Records to process:
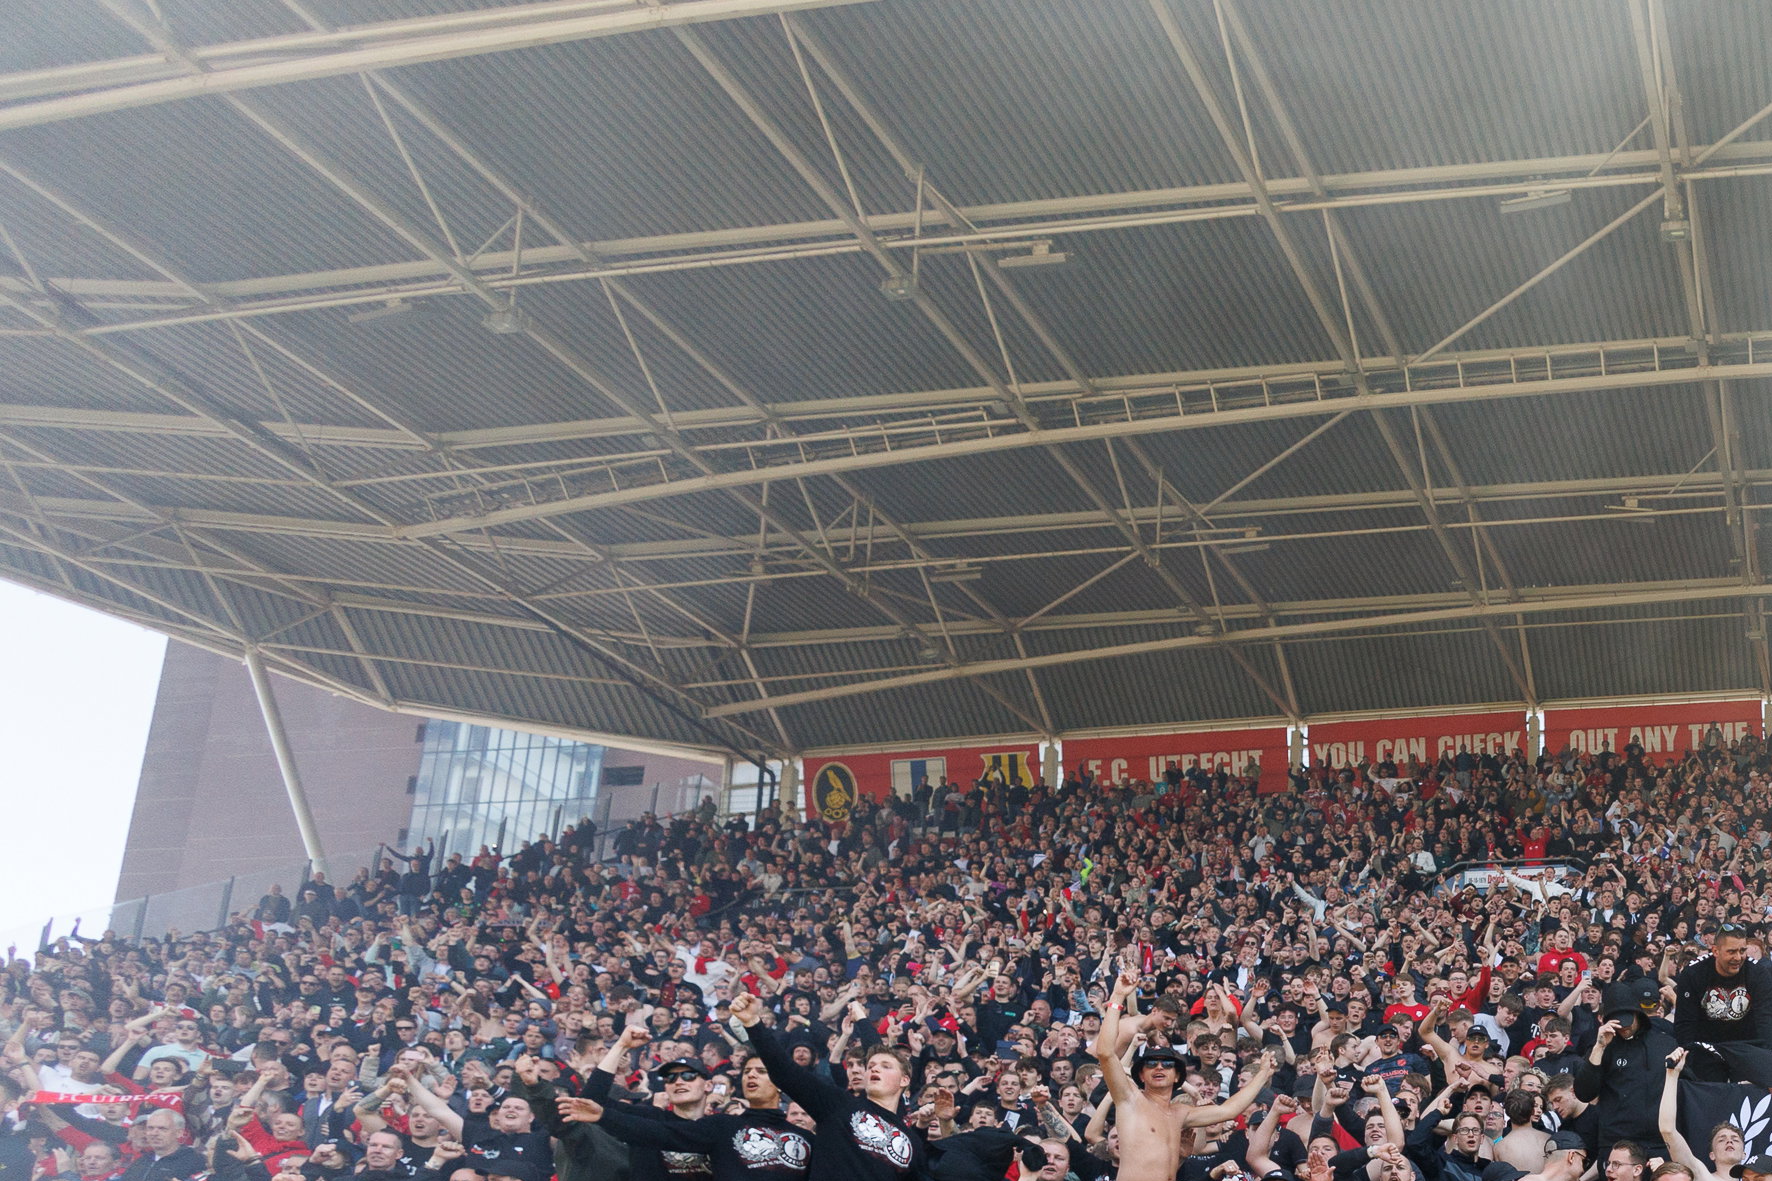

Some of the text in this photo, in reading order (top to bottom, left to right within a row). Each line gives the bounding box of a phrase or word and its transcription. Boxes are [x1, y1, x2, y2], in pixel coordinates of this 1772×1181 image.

[1313, 731, 1522, 769] YOU CAN CHECK
[1569, 727, 1619, 755] OUT
[1629, 725, 1679, 753] ANY
[58, 1093, 181, 1104] FC UTRECHT
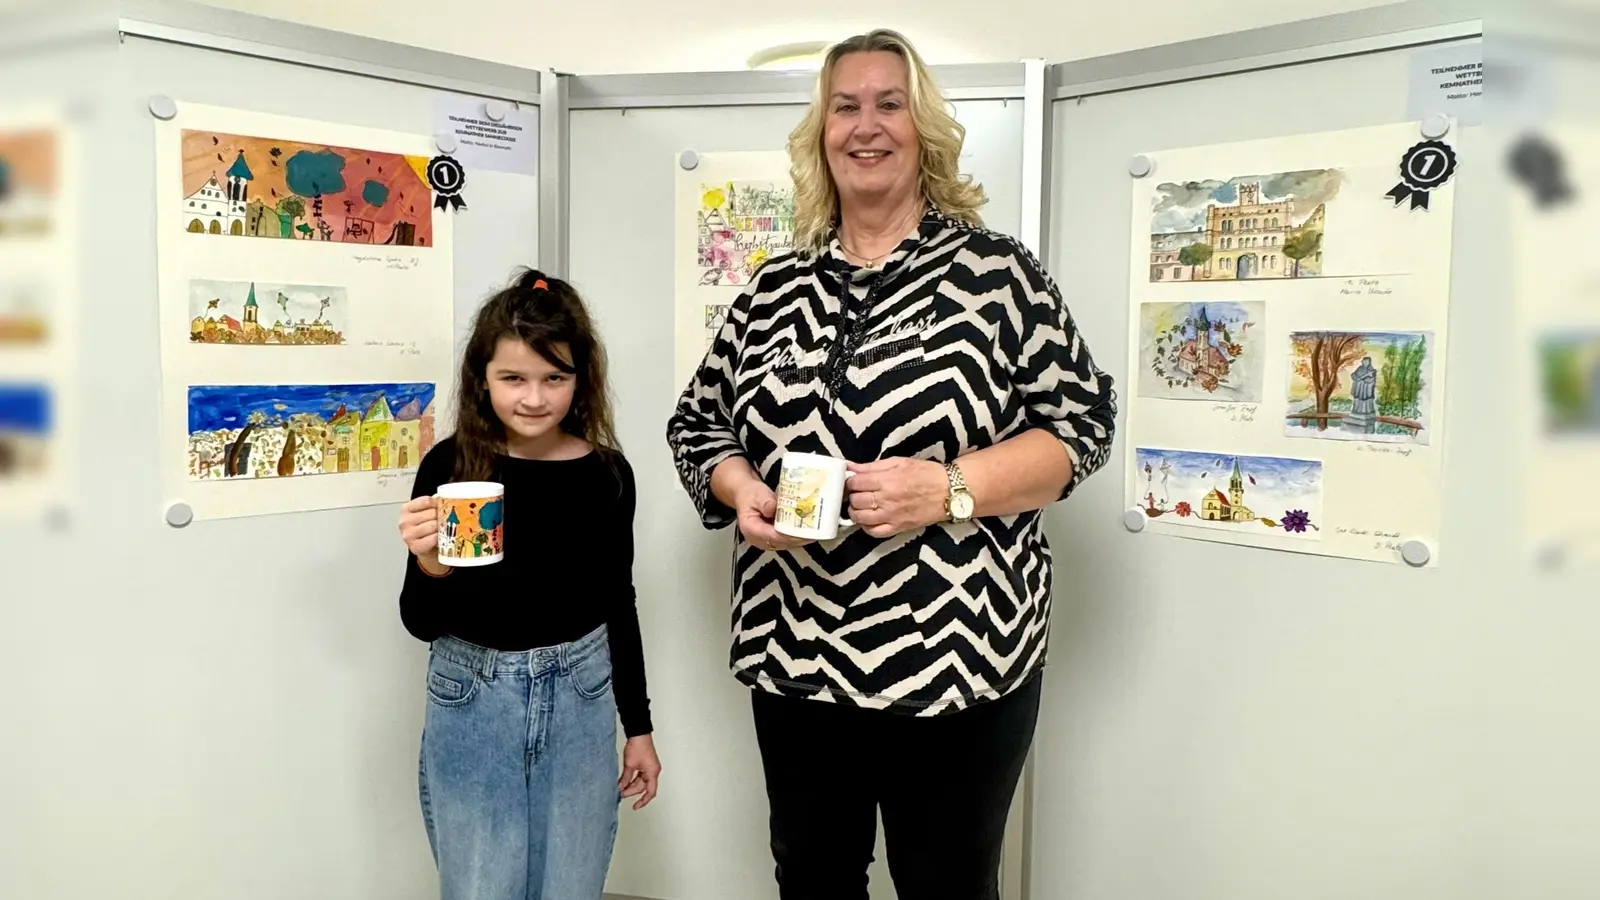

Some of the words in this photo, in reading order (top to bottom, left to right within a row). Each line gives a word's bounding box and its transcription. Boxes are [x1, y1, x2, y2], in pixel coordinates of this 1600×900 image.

[1431, 63, 1476, 74] TEILNEHMER
[439, 165, 450, 185] 1
[1419, 153, 1437, 177] 1

Aim of the exercise: Copy the listing exactly. Any image in it stays out of the copy.

Result for this exercise:
Some of the text in this photo, in reading order (top to bottom, left to right within a row). Each line gives the bounding box of a phrase or word and its transcription. Boxes are [x1, y1, x2, y2], in pixel coordinates of this 1772×1181 image.

[1313, 731, 1522, 769] YOU CAN CHECK
[1569, 727, 1619, 755] OUT
[1629, 725, 1679, 753] ANY
[58, 1093, 181, 1104] FC UTRECHT

Some of the words in this photo, in reading order (top to bottom, left to right within a row). Each line gives a word's bounding box and its transcription. Boxes are [x1, y1, x2, y2], in pixel coordinates of this 1600×900 image.

[1431, 63, 1476, 74] TEILNEHMER
[439, 165, 450, 185] 1
[1419, 153, 1437, 177] 1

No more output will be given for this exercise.